Tivit Ventures começou a comprar no mercado de startups. Foto: Pexels.

A Tivit comprou a Privally, startup especializada em soluções de gerenciamento de segurança e privacidade focada em LGPD. 

Fundada em 2018 e com 14 funcionários listados no Linkedin, a Privally criou uma plataforma de software como serviço para automatizar, monitorar e gerenciar processos em adequação a leis de privacidade de dados, como a brasileira LPGD, ou a europeia GDPR.

“A Privally é uma startup de rápido crescimento e que trouxe uma metodologia inovadora ao mercado para um tema essencial, a adequação à LGPD”, explica Eduardo Sodero, CSO da Tivit e responsável por estratégia e aquisições.

A adquirida foi parte da décima quarta turma da ACE Startups e, em 2019, a empresa foi listada no anuário da IAPP (International Association of Privacy Professional) - a entidade mais tradicional do mercado, sendo a primeira PrivacyTech da América Latina.

O CEO da Privally, Vinícius Cezar, atua em cargos de diretoria em empresas de tecnologia desde 2000. Ele também é diretor de cibersegurança do Instituto de Lideranças Empresariais de São Paulo.

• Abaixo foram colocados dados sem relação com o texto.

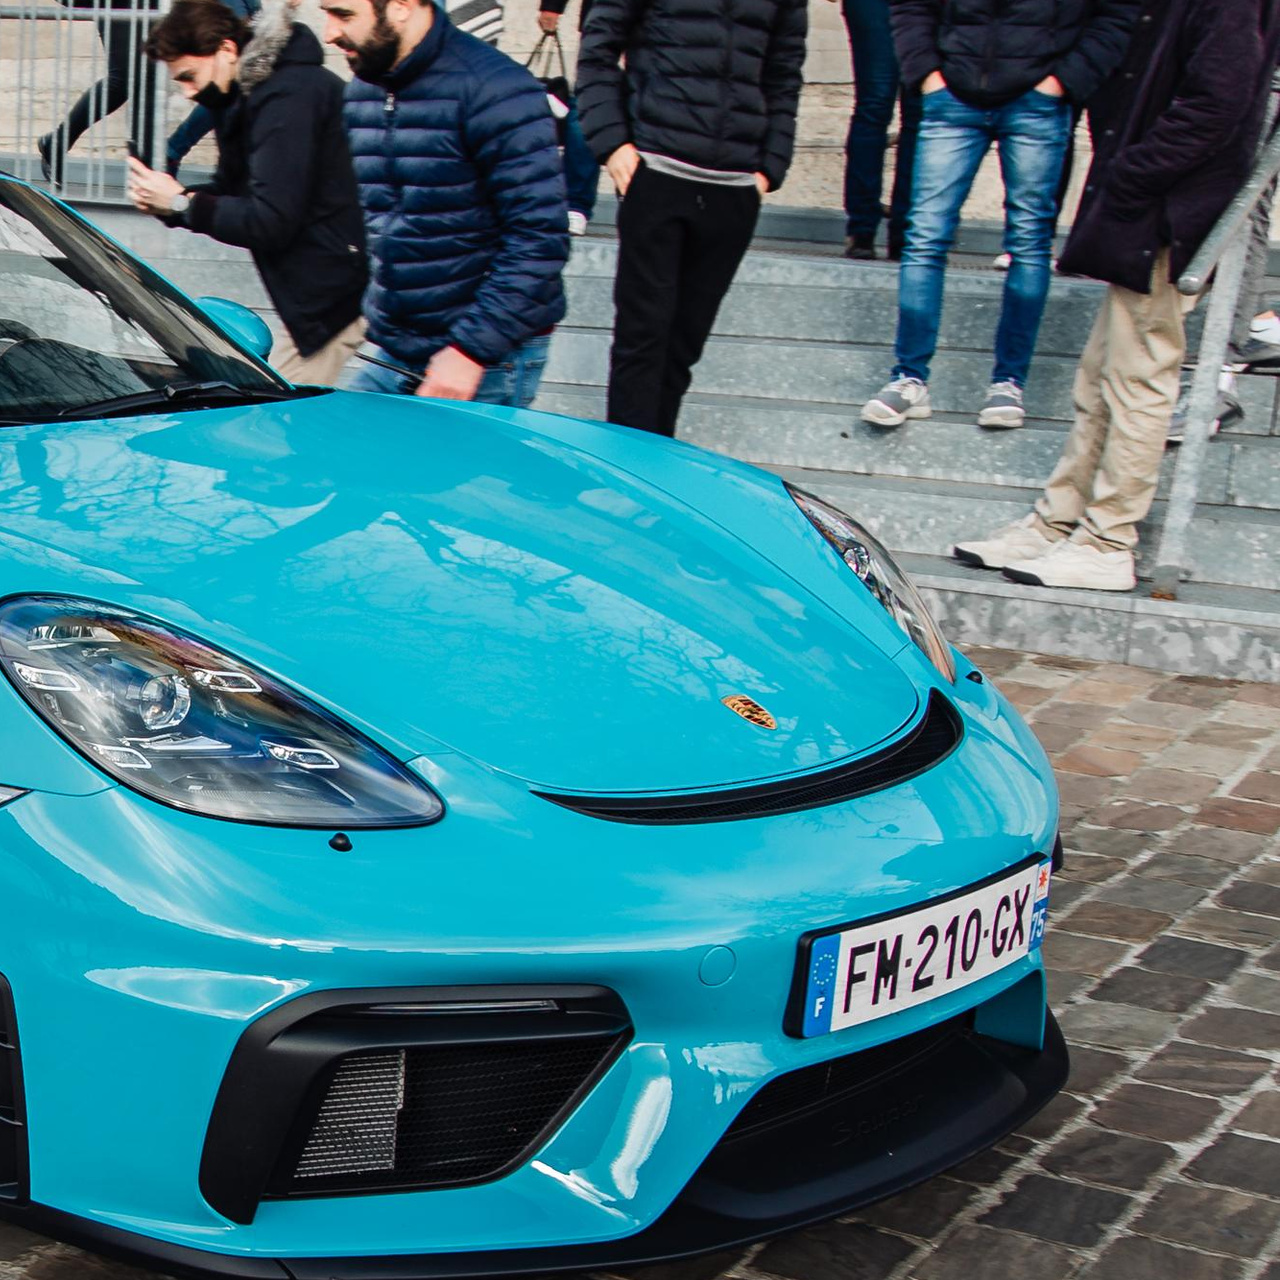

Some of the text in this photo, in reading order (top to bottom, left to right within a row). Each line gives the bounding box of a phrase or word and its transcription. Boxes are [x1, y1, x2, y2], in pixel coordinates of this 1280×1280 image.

Já o CTO, Douglas Chagas, também começou a carreira na mesma época, passando por cargos técnicos em empresas como Grupo Pão de Açúcar, Central Nacional Unimed e Camisaria Colombo.

O negócio foi o primeiro anunciado pelo recém criado Tivit Ventures, fundo de investimento da gigante de tecnologia com capital total de R$ 400 milhões.

Outros anúncios devem vir. A meta da Tivit é adquirir até dez startups com foco em SaaS e trajetórias de forte crescimento e escalabilidade.

Empresas com soluções na área de segurança de dados são um ativo quente no mercado brasileiro, com o assunto LGPD em alta, para não falar de uma série de ataques hackers de grande visibilidade.

Recentemente, a Embraer assumiu o controle acionário da Tempest, empresa pernambucana que está entre as maiores no setor de cibersegurança do Brasil.

Em 2018, a Prosegur, companhia do setor de segurança privada com mais de 175 mil funcionários em 25 países e cinco continentes, assinou um acordo para adquirir participação majoritária na Cipher, outra grande empresa brasileira da área.